The crafts deemed not to be vessels in the cases you cite are distinguishable from those described in Exhibits 2, 5, 6, and 7 in that they did not possess the same judicially-recognized characteristics. (See Cook, supra, concerning a craft not designed for the purpose of navigation but rather for use primarily as a stationary floating construction platform; Leonard v. Exxon Corp., 581 F.2d 522 (1978), concerning three barges lashed together to create a workplace to assemble pipe while “more or less permanently” connected to shore; Watkins v. Pentzien, Inc., 660 F.2d 604 (1981), concerning two barges secured end to end and to the bed of a river that were used to weld and lay pipe in marsh close to the bank of the river; Gremillion, supra, addressing a barge without radar or navigational apparatus, not registered with the Coast Guard and used exclusively as a stationary housing facility in shallow coastal and inland waters; Bernard, concerning a work punt without a deck or crew quarters used as a small platform from which to break cement and guide sheet pilings; and Pavone v. Mississippi Riverboat Amusement Corp., (The BILOXI BELLE), 52 F.3d 560 (1995) concerning an indefinitely moored, shore-side, floating casino.)

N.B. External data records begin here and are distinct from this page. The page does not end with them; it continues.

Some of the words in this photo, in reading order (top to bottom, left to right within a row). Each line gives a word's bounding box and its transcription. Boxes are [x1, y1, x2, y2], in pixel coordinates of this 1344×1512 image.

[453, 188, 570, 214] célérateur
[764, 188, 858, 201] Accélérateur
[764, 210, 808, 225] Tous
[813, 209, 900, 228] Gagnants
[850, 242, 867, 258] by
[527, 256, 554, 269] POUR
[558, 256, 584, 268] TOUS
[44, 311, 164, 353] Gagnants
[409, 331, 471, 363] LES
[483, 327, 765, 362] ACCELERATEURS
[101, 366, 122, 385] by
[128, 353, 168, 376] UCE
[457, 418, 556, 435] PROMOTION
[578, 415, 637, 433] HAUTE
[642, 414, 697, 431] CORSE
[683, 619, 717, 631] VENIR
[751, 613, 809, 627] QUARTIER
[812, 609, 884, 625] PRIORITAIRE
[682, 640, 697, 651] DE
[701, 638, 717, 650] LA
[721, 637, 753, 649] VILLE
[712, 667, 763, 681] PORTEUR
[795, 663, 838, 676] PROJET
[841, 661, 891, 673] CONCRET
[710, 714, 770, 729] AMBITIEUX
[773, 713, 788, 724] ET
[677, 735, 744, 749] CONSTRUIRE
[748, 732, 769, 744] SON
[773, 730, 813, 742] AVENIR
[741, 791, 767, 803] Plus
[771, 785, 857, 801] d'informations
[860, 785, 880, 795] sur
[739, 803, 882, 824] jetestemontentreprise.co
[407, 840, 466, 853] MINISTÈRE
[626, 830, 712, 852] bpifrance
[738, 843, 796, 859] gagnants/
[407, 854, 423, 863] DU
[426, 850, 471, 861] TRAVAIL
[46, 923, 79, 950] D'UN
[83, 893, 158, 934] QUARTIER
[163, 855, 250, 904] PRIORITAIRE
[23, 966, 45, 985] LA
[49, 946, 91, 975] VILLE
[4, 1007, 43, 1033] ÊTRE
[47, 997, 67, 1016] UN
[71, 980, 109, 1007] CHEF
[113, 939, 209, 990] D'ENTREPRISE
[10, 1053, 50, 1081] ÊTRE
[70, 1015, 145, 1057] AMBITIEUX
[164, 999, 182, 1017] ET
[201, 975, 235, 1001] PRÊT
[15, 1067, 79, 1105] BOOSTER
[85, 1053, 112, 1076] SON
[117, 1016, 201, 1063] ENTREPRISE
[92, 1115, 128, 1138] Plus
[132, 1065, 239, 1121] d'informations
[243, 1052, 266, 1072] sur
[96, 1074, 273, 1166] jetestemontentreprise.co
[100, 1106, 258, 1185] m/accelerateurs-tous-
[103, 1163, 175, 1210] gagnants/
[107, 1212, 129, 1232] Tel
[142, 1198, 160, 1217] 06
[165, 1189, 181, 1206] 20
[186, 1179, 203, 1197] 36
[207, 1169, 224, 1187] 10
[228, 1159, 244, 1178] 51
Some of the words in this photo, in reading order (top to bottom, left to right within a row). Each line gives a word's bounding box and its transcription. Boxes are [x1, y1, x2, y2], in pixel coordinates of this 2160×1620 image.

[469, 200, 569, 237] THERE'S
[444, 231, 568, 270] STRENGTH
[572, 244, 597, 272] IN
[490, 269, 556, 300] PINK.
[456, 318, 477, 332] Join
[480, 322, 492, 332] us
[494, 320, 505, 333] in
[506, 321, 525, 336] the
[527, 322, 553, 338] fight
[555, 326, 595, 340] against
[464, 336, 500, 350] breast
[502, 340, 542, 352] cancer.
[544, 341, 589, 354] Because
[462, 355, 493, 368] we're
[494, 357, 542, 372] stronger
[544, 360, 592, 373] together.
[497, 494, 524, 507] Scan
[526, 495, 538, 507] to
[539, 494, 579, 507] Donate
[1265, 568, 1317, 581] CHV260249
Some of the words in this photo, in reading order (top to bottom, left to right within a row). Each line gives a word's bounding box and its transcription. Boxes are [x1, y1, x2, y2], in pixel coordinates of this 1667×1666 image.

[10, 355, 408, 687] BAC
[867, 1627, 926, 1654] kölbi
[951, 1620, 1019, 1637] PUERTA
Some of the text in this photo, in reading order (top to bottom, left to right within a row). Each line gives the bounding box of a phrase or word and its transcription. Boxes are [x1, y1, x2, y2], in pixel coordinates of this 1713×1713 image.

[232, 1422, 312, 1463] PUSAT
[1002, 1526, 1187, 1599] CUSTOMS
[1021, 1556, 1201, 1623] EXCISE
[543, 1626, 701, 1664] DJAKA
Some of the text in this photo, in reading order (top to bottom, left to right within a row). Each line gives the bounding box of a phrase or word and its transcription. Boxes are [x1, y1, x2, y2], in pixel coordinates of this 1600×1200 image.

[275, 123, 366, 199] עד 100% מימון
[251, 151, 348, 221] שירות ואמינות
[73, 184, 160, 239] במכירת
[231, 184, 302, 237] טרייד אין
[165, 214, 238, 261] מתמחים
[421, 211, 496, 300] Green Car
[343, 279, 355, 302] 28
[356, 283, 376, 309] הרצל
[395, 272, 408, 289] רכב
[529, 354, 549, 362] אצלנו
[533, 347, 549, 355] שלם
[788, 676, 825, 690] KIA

Accordingly, it is our position that the lay barge in question is a “vessel” within the meaning of 46 U.S.C. App. § 292.

In regard to the second issue for our consideration, you contend that the proposed activity does not constitute “dredging” for purposes of 46 U.S.C. App. § 292. This activity, which will take place during the last 25 miles of the Project, involves a lay barge pulling a plow on the seabed in front of the place where the pipe lands on the bottom or it will pull the plow in a separate operation after the pipe is laid on the bottom. The plow will leave bottom material piled on both sides of the pipe. Pursuant to the description of the plowing procedure set forth in Exhibit 3, the plow is moved along with the barge at the rate of pipe- laying and is designed to cut a ditch approximately 8 feet deep and 6 to 8 feet wide in front of the pipeline.

With respect to whether a particular activity constitutes “dredging” for purposes of 46 U.S.C. App. § 292, Customs has long-held that this term means the use of a vessel equipped with excavating machinery in digging up or otherwise removing submarine material. (Customs ruling letters 103692, dated December 28, 1978 (published as Customs Service Decision (C.S.D.) 79-331); 109108, dated November 13, 1987; and 109910, dated January 26, 1989; see also Gar-Con Development v. State, 468 So.2d 413 (1985)) Using this definition of “dredging”, Customs has ruled that the use of a foreign-built vessel to tow an underwater sea plow to create a furrow or trench into which pipe is to be laid during the course of a pipe-laying operation constitutes “dredging” within the meaning of 46 U.S.C. App. § 292 and is therefore prohibited. (See C.S.D. 79-331, followed in Customs ruling letter 114487, dated October 21, 1998) In view of the fact that the activity proposed to be accomplished by the lay barge in the Project also concerns the towing of an underwater sea plow to create a furrow or trench into which pipe is to be laid during the course of a pipe-laying operation, we are governed by the holding of C.S.D. 79-331. In regard to the remainder of the administrative decisions cited by you for our consideration (i.e., C.S.D.s 88-7, 89-64, 89-40, and Customs ruling letter 113223, dated September 29, 1994), they address operations that are distinguishable from that under consideration in this case. Consequently, these decisions are not controlling in this matter.


The lay barge in question is a “vessel” within the meaning of 46 U.S.C. App. § 292.

The use of a plow from the lay barge or another vessel for the purpose of creating a trench into which a pipeline is laid and re-covered constitutes “dredging” within the meaning of 46 U.S.C. App. § 292.